Segment Start: Data for review

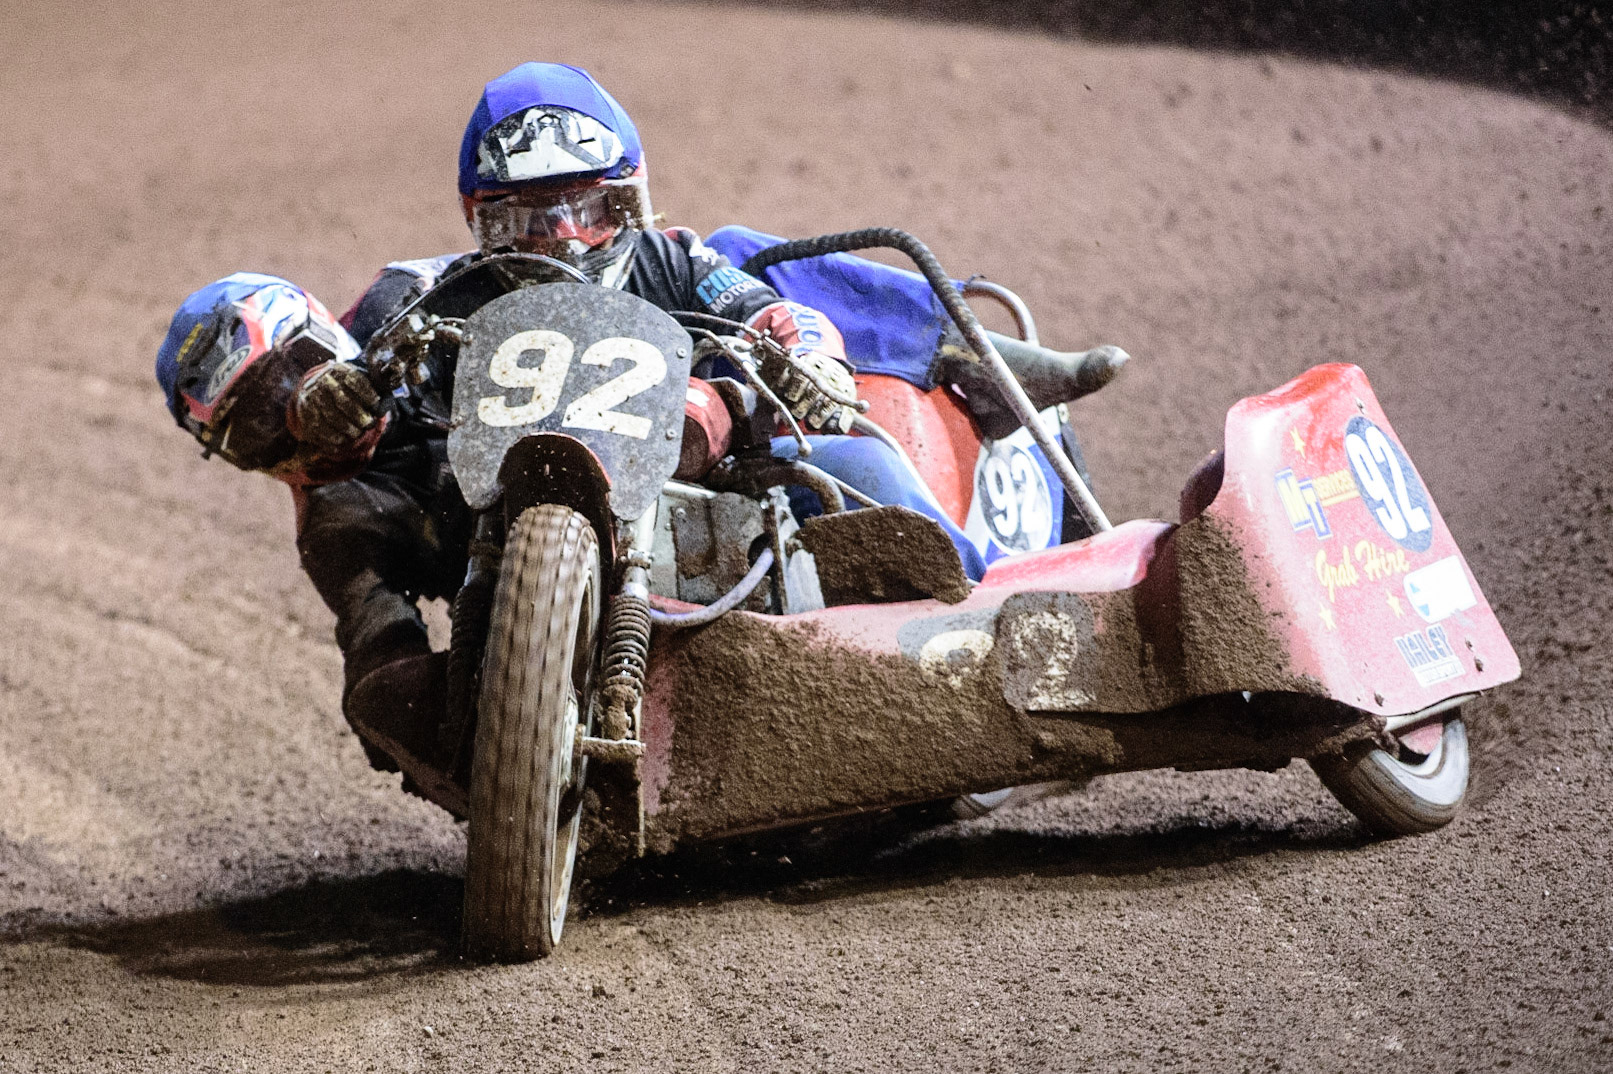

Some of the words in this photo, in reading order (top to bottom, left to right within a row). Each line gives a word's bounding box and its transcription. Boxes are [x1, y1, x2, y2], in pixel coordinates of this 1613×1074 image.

[477, 329, 668, 440] 92
[985, 452, 1046, 536] 92
[1345, 425, 1431, 540] 92
[1315, 549, 1360, 603] Grab
[1354, 540, 1411, 582] Hire
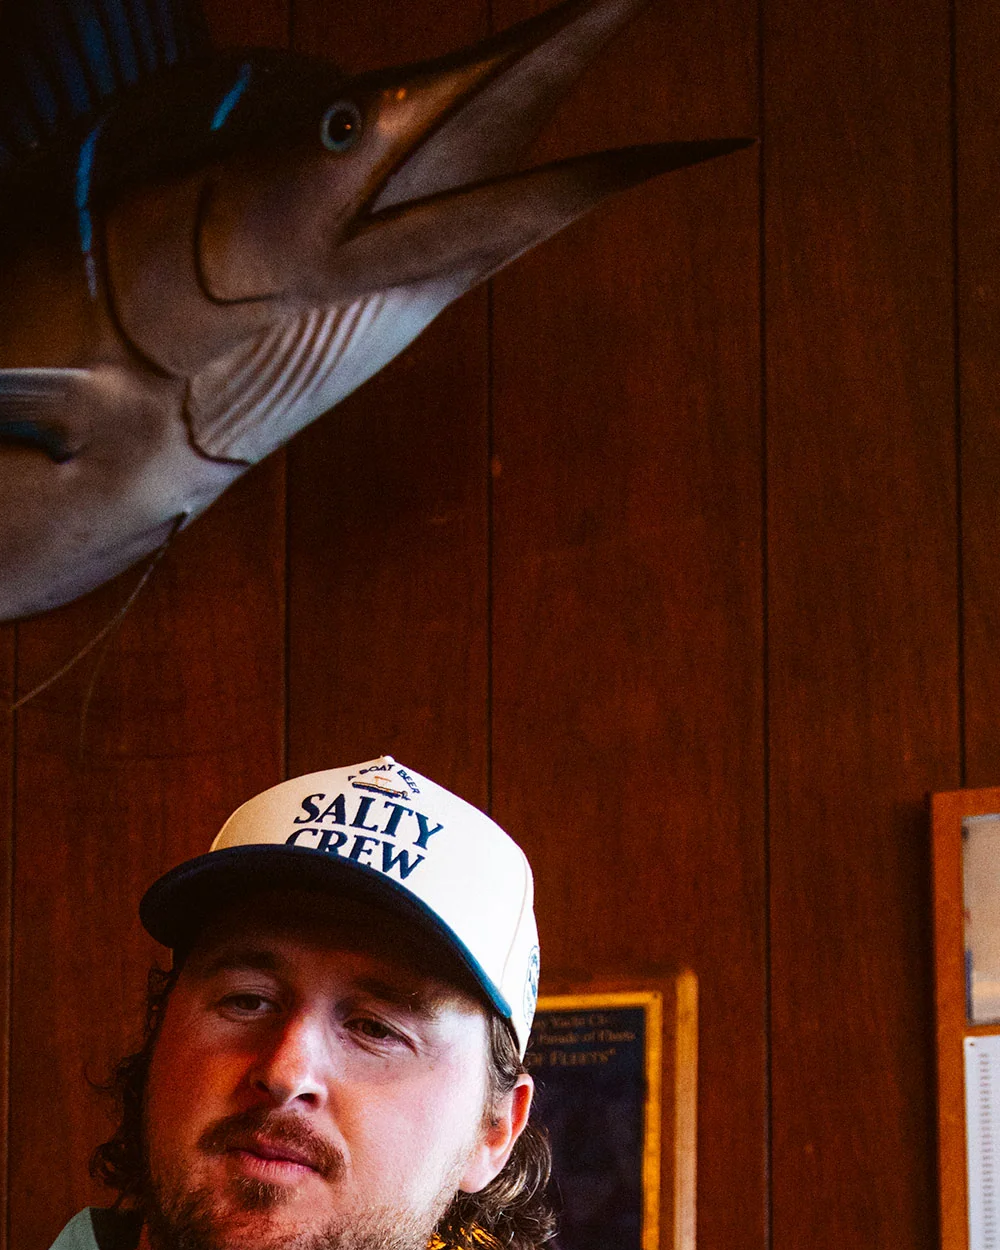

Segment End: Data for review

■ **Your assignment**: Leave out every picture and transcribe the remaining entries exactly.

■ **Problem solution**:
Some of the words in this photo, in reading order (top to bottom, left to right within a row). Each line gives a word's bounding box and its transcription. Boxes are [x1, y1, x2, y2], in pixel coordinates of this 1613×1074 image.

[477, 329, 668, 440] 92
[985, 452, 1046, 536] 92
[1345, 425, 1431, 540] 92
[1315, 549, 1360, 603] Grab
[1354, 540, 1411, 582] Hire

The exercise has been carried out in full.